As you're traveling through the Keystone State, and you stumble upon the small town of Altoona, PA. You'll want to make sure to stop and take a peek at a place that has been a home town favorite for generations, Lakemont Park. It's home of the oldest operating roller coaster in the world, Leap-The-Dips, and a park that is more than meets the eye.
Like many other older parks, Lakemont began with humble beginnings, and started out as a trolley park. Trolley parks were originally the ideas of railroad companies. They built them to encourage weekend train rides with an end destination for families to go and relax at. The Altoona & Logan Valley Railroad opened Lakemont Park in 1894. People came out to enjoy the leisurely life at that time where they could hear a band play, enjoy a picnic with family and friends, or just relax the weekend away. The landmark coaster that originally opened in 1902 is a side friction roller coaster that was proved to be very tame, even at that time.
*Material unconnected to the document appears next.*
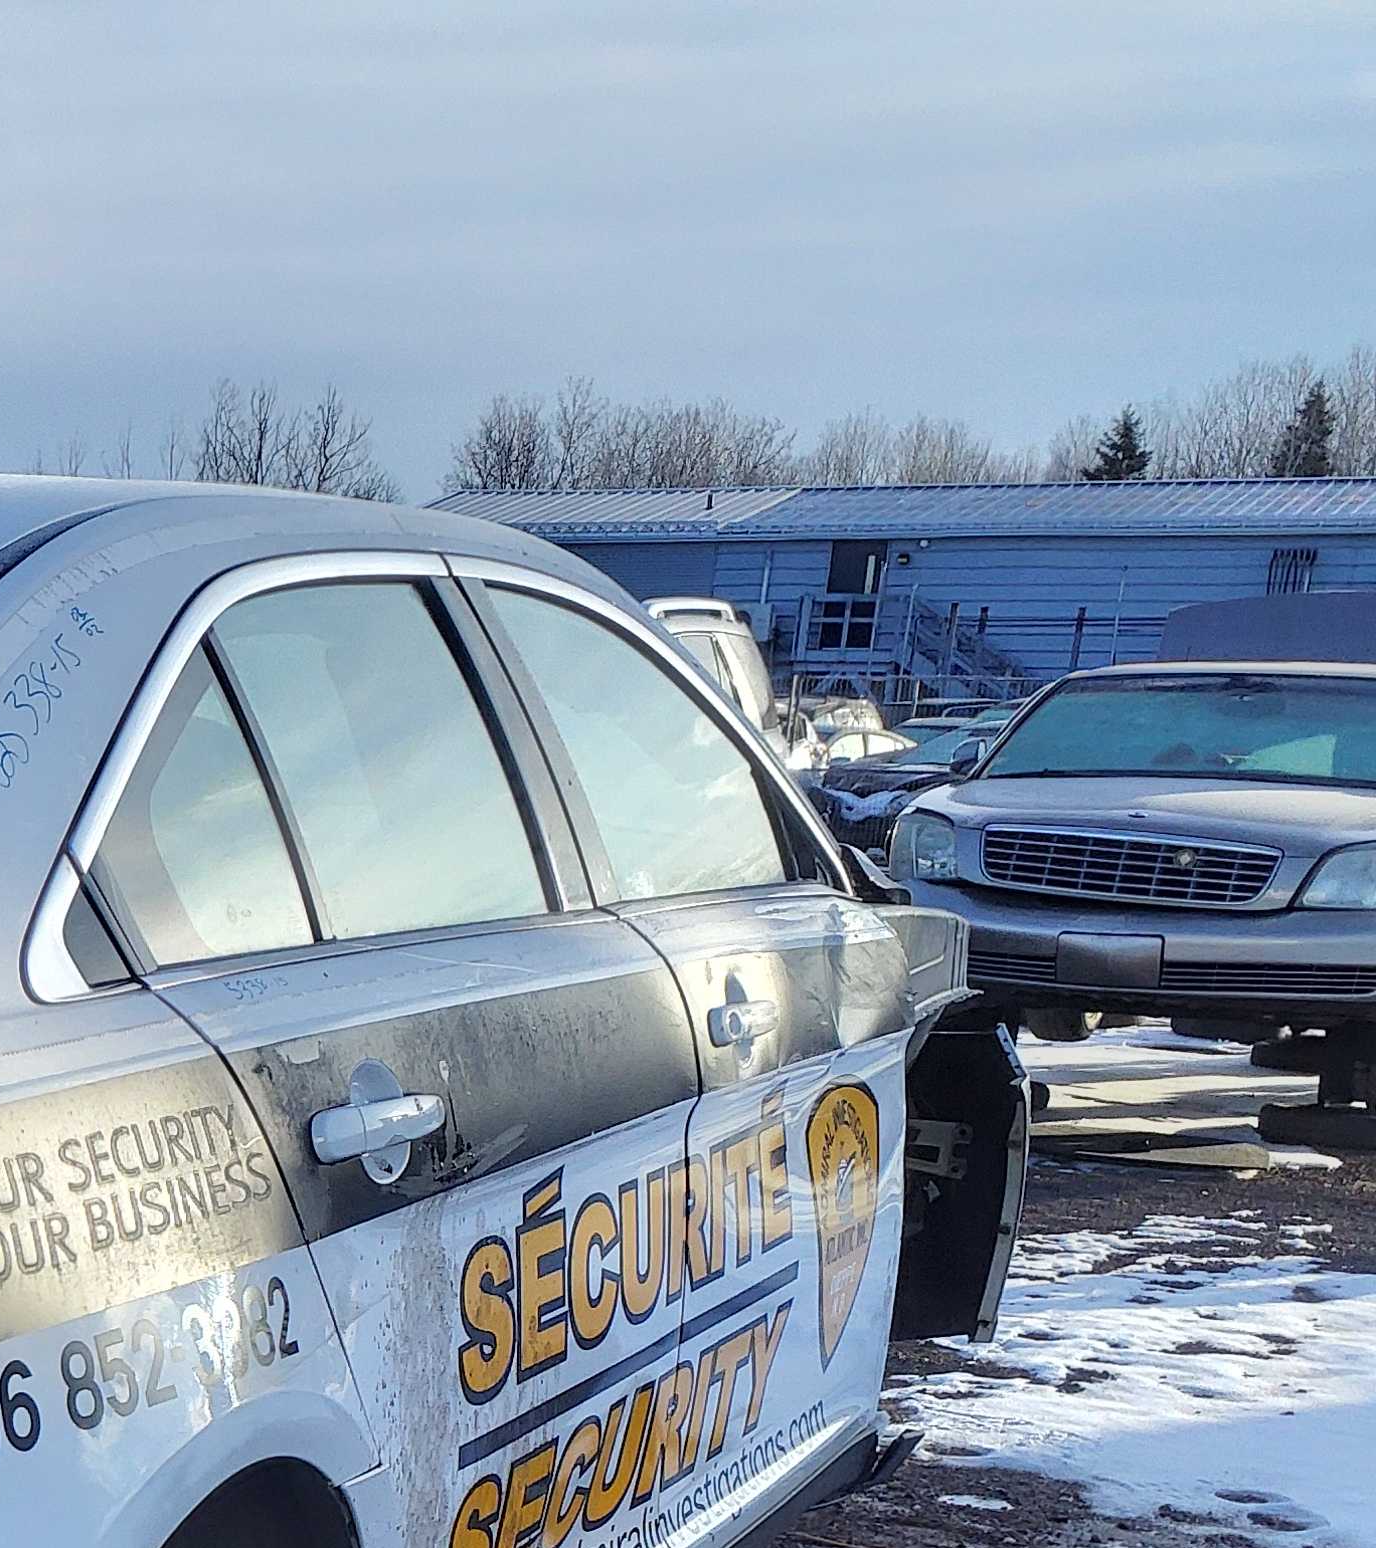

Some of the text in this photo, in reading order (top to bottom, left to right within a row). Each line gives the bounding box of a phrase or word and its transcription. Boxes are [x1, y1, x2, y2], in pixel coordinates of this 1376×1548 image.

However it was a ride that the whole family could enjoy together. As the years went by, many more rides were brought in, which allowed for more ways to enjoy a summer day. A flood in 1936 pretty much destroyed the whole park, but the major blow was the loss of the Twister roller coaster that was built by Herbert Schmeck.
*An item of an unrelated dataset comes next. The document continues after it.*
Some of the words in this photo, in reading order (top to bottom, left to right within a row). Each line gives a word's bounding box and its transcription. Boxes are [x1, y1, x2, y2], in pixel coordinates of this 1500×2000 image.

Time is not always on the side of a park, and with Lakemont, time was running out. The Boyer Bros Candy Company bought the park in hopes to turn it into a major theme park, however the towns people were scared of what was going to become of their park. In 1986, the new owners brought a new name to the once free admission park. Boyertown U.S.A was lack luster from the beginning. Old favorites were ripped out, and a new roller coaster, the Skyliner, never opened. The people that they wanted to show up to support the park never did. The next season wasn't much better, with the exception of the Skyliner finally opening with help from the Dinn Corporation. Leap-the-Dips has been closed since 1985, and as the 1988 season came up, the bank that took over the control of the park sold it at a auction to Ralph Albarano. Albarano quickly laid down plans to bring the park back to its roots. The Lakemont name came back so the people would know that with the classic name, a classic ride would return as well. It wasn't until Memorial Day of 1999 that Leap-the-Dips reopened with the help of many donations and determination to keep the ride alive. With that being done, the park has not looked back once. Even today it continues to add new rides and has watery fun with The Island Water Park,and hopes to continue the enjoyment for years to come.
They say to never judge a book by its cover, and the same can be said with Lakemont Park. You can come in for an hour or two, or stay for the whole day. It's place for the very young and very old to cherish a memory or two. It's the past that keeps this park alive. We are sure to remember the laughs of then, which continue to sound the same today.